■ **DATA RECORDS**:

————————

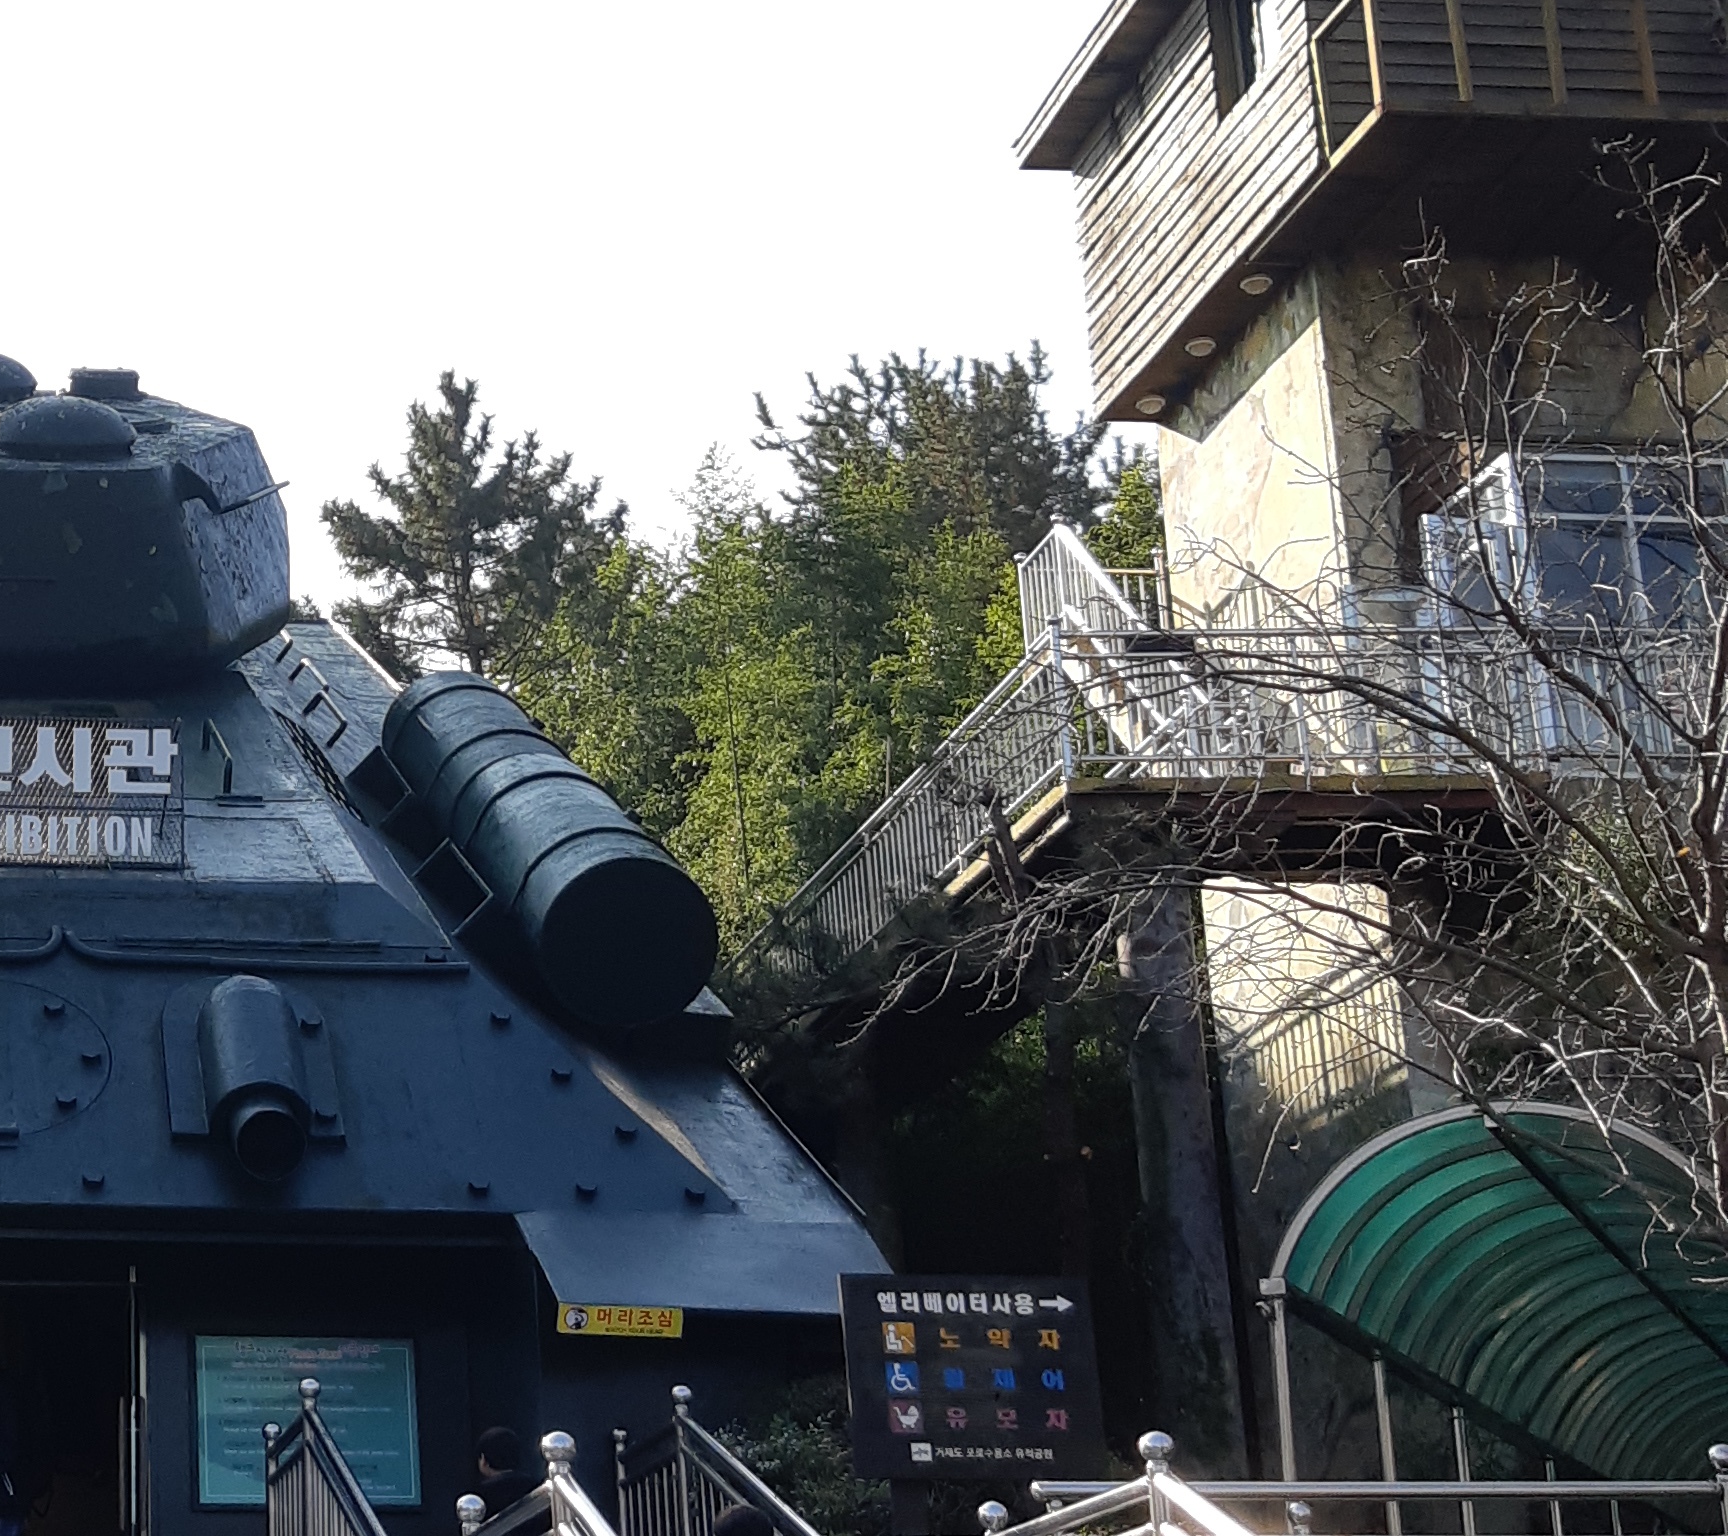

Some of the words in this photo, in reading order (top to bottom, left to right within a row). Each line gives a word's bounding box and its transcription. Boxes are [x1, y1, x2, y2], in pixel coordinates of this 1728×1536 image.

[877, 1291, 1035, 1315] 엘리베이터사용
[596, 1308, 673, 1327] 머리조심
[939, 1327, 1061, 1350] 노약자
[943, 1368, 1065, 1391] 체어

————————

■ **WHAT IS NEEDED**:
Word for word, retype the material above without its pictures.

■ **YOUR SOLUTION**:
Some of the words in this photo, in reading order (top to bottom, left to right within a row). Each line gives a word's bounding box and its transcription. Boxes are [x1, y1, x2, y2], in pixel coordinates of this 1728×1536 image.

[877, 1291, 1035, 1315] 엘리베이터사용
[596, 1308, 673, 1327] 머리조심
[939, 1327, 1061, 1350] 노약자
[943, 1368, 1065, 1391] 체어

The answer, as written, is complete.